The data below is to be written out exactly, with no pictures.

------------

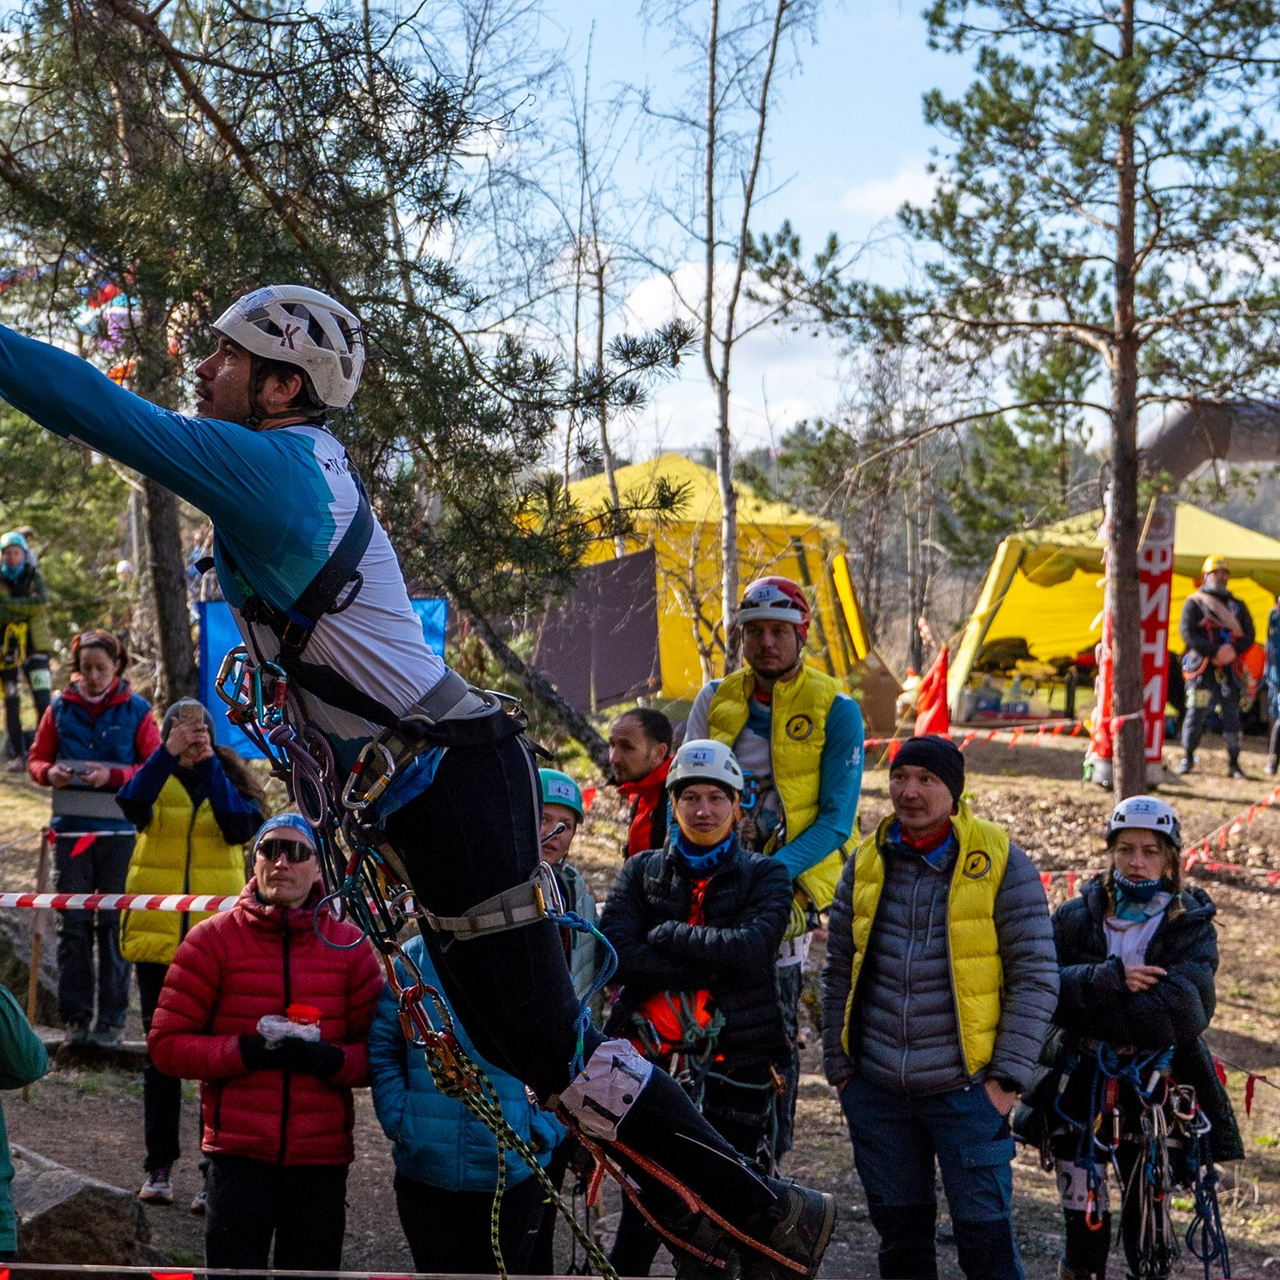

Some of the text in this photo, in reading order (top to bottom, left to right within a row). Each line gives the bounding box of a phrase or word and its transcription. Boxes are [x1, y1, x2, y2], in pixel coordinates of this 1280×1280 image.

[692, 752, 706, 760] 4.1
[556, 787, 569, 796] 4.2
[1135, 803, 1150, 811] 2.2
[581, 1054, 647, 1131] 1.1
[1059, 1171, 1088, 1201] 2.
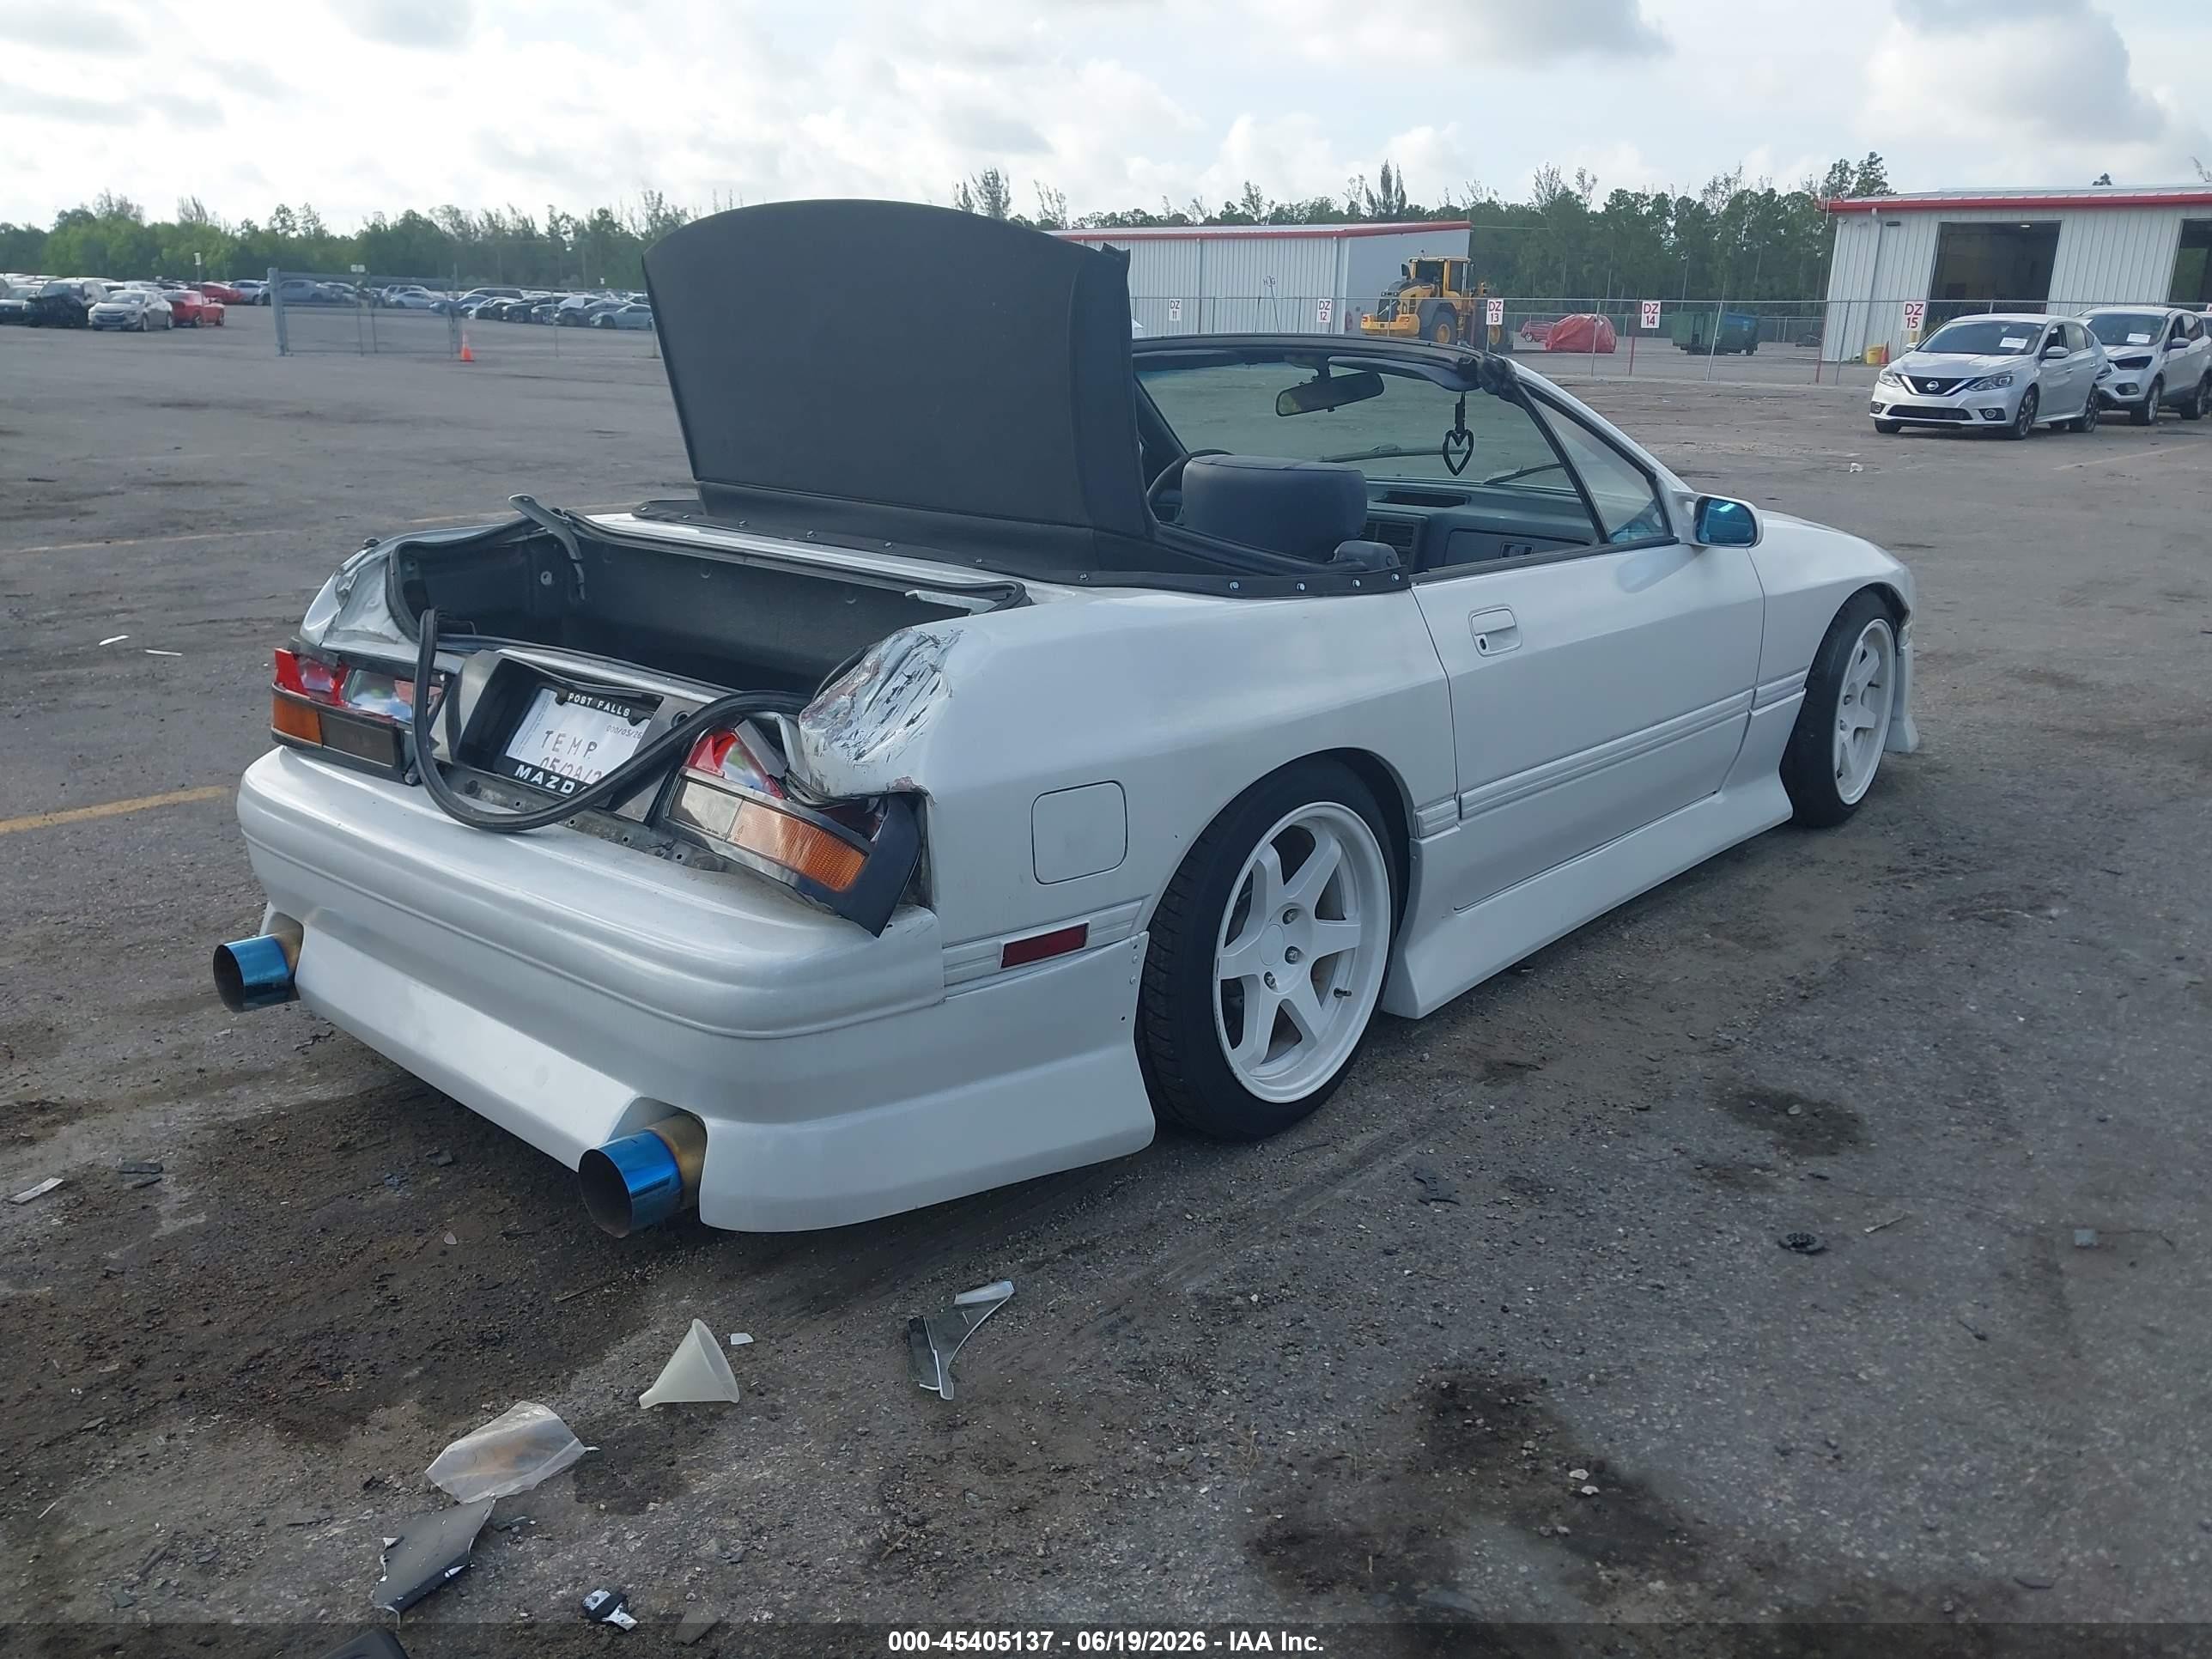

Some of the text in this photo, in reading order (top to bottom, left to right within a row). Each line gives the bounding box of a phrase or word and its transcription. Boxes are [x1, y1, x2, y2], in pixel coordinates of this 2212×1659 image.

------------

-- TASK SOLUTION --
Some of the text in this photo, in reading order (top to bottom, left to right within a row). Each line gives the bounding box of a phrase or word and its transcription. Boxes are [x1, y1, x2, y2], in pixel coordinates of this 1280×1280 image.

[692, 752, 706, 760] 4.1
[556, 787, 569, 796] 4.2
[1135, 803, 1150, 811] 2.2
[581, 1054, 647, 1131] 1.1
[1059, 1171, 1088, 1201] 2.

Some of the text in this photo, in reading order (top to bottom, left to right within a row). Each line gives the bounding box of a phrase or word and its transcription. Boxes are [x1, y1, x2, y2], in pixel coordinates of this 2212×1659 image.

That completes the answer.